The RSA SecurID is a solution for user authentication managed by the Security Division of EMC and is based on an approach called two-factor authentication. This solution is a resolution to a weak security mechanism such as a password, as anyone who steals the password will appear completely genuine. RSA adds a second, physical proof that makes the certainty of authenticity exponentially higher. With the RSA solution for two-factor user authentication, authorized users are issued individually registered RSA SecurID tokens that generate single-use token codes, that keep changing based on a time code algorithm. A different token code is generated after every predetermined interval. The authentication server (RSA Authentication Manager) that protects the network and business applications validates this dynamic code. Each RSA SecurID token is unique and it is impossible to predict the value of a future token code by recording prior token codes. Thus when a correct token code is supplied together with a PIN, there is a high degree of certainty that the person is the valid user in possession of the RSA SecurID authenticator.

The following topics are provided:

How SecurID works

When a user attempts to access a protected resource, he is prompted for a unique passcode. The passcode is a combination of the user’s PIN and the code that is displayed on the authenticator token at the time of logon.

The user ID and pass code are intercepted by the RSA Authentication Agent and presented to the RSA Authentication Manager software which validates the pass code. The RSA SecurID system computes what number the token is supposed to be showing at that moment in time, checks it against what the user entered, and makes the decision to allow or deny access to the user. There is an agent software which allows this interaction.

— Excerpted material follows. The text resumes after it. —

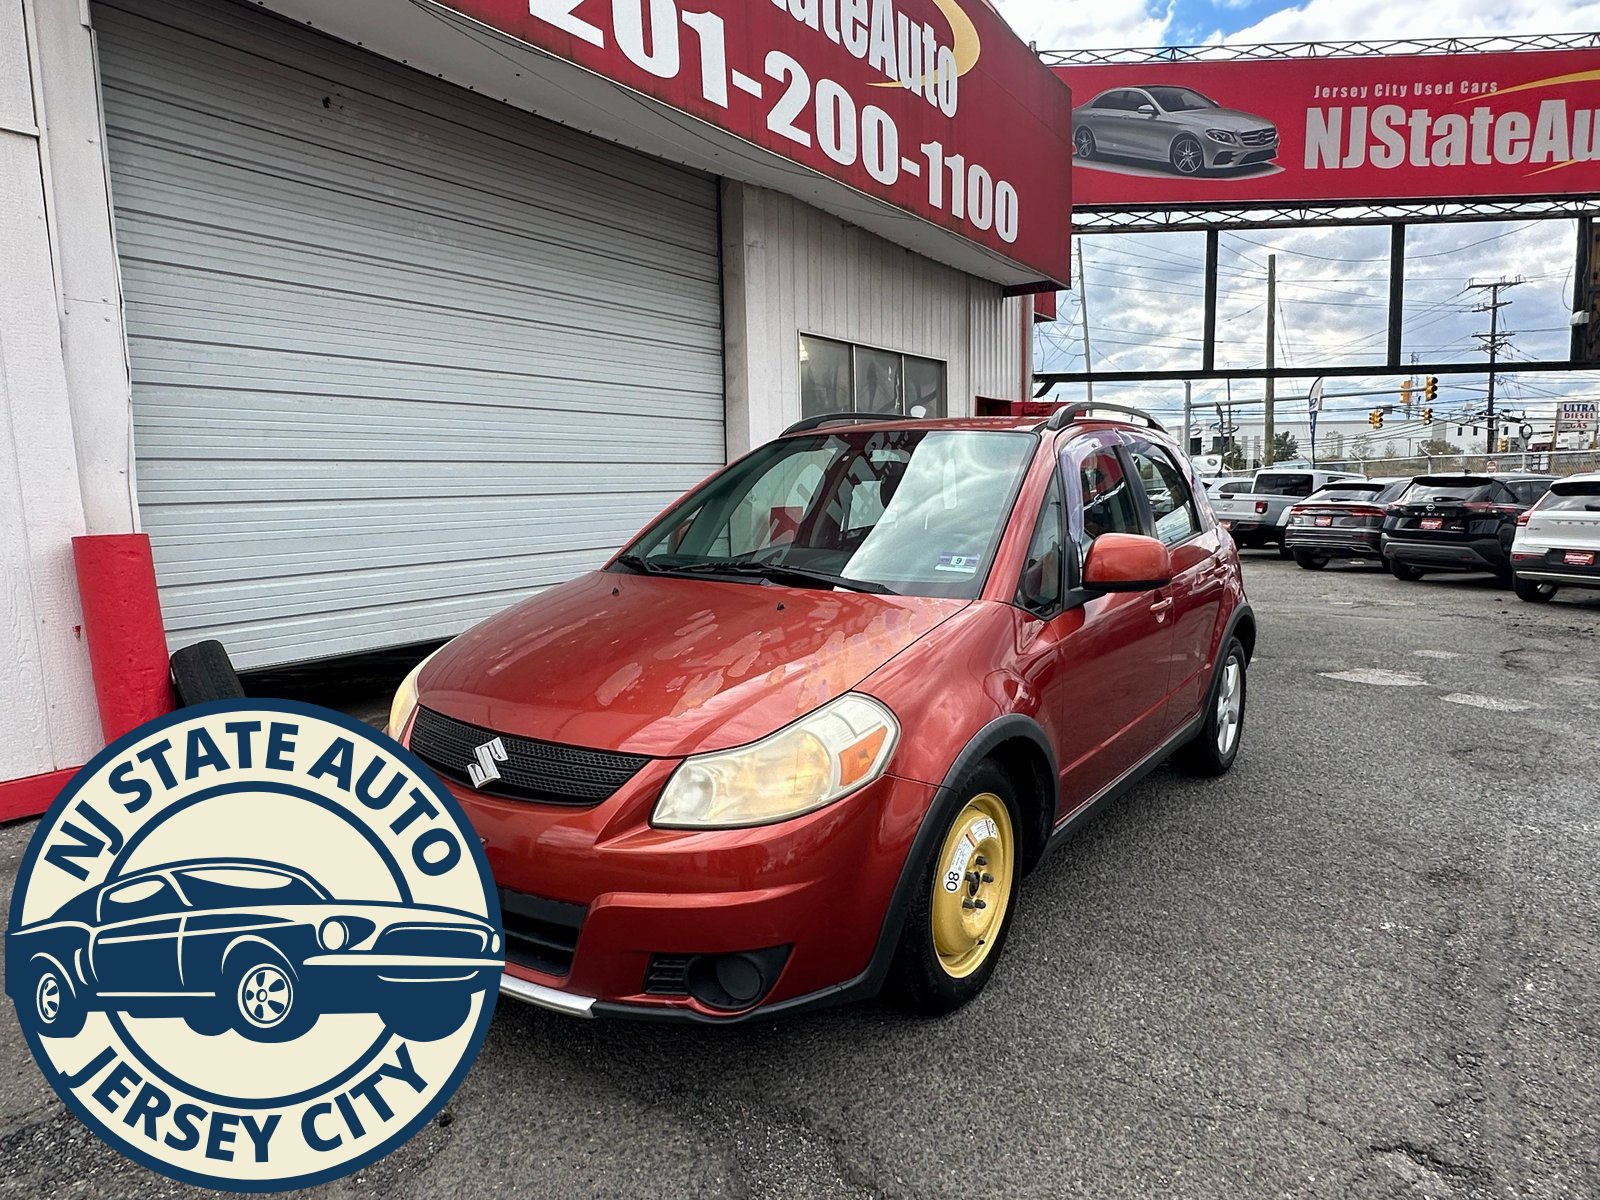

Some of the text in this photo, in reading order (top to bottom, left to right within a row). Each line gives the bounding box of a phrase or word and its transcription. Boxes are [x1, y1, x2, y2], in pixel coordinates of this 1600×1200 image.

[1314, 80, 1498, 98] Jersey City Used Cars
[1563, 403, 1596, 412] ULTRA

RSA SecurID - Architecture

RSA SecurID architecture has three components: the RSA Authentication Manager, Agents, and Authenticators (tokens).   

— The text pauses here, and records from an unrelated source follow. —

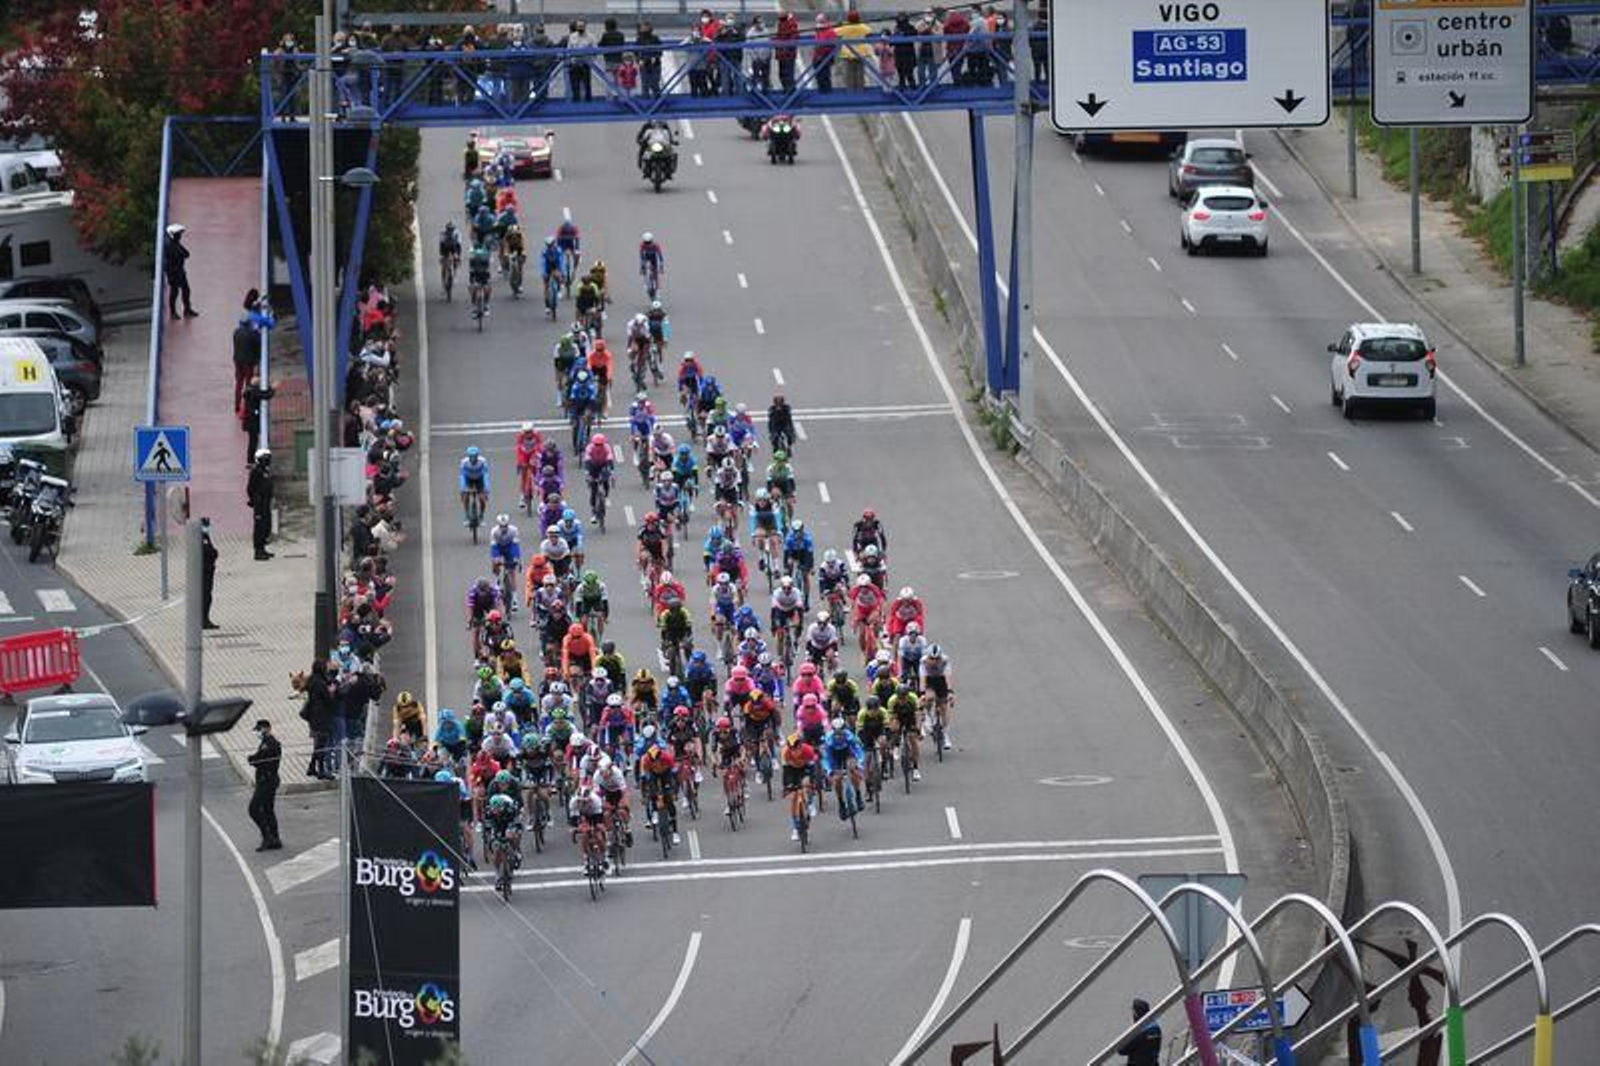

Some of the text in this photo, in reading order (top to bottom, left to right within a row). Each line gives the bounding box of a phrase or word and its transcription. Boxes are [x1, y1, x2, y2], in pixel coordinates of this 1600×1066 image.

[1159, 3, 1219, 22] VIGO
[1437, 12, 1512, 30] centro
[1159, 36, 1221, 51] AG-53
[1437, 39, 1503, 57] urbán
[1136, 59, 1244, 79] Santiago
[1418, 71, 1465, 82] estación
[23, 366, 36, 380] H

When the user is logged in, the agent would read the logon request and transmit it to the RSA Authentication Manager.  The RSA Authentication Manager will evaluate the authentication request, looking up the username to see associated tokens with that user, then check to see if the token code is the same as it calculates internally, and ensure the PIN is correct. If any of these three pieces of information is wrong (username, token code, PIN), the authentication attempt will be rejected.  If everything is correct, the Authentication Manager will send a message to the agent that the authentication is successful. 

The RSA manager holds master timing information and shared secrets (seeds) between itself and the token. Usually, the tokens change every 60 seconds.

It is important to understand that RSA authentication manager only performs authentication, not authorization.  For example, if Windows policy (authorization) did not allow the user to have a local login, Windows would reject the login, even though the user successfully authenticated with SecurID.

Some RSA Agents need to be installed and configured on a server while others are already embedded into the platform and just need to be configured, commonly the case with network firewalls and VPN equipment.

SecurID is actually an overloaded term.  SecurID is the brand for authentication solutions, which denotes a type of hardware or software token.  SecurID is also the name of the protocol used for communication between agents and the RSA Authentication manager software.  The SecurID protocol communicates on port 5500/UDP.  For networking equipment that directly supports the SecurID software, there’s usually a setting to add RSA servers to forward authentication requests.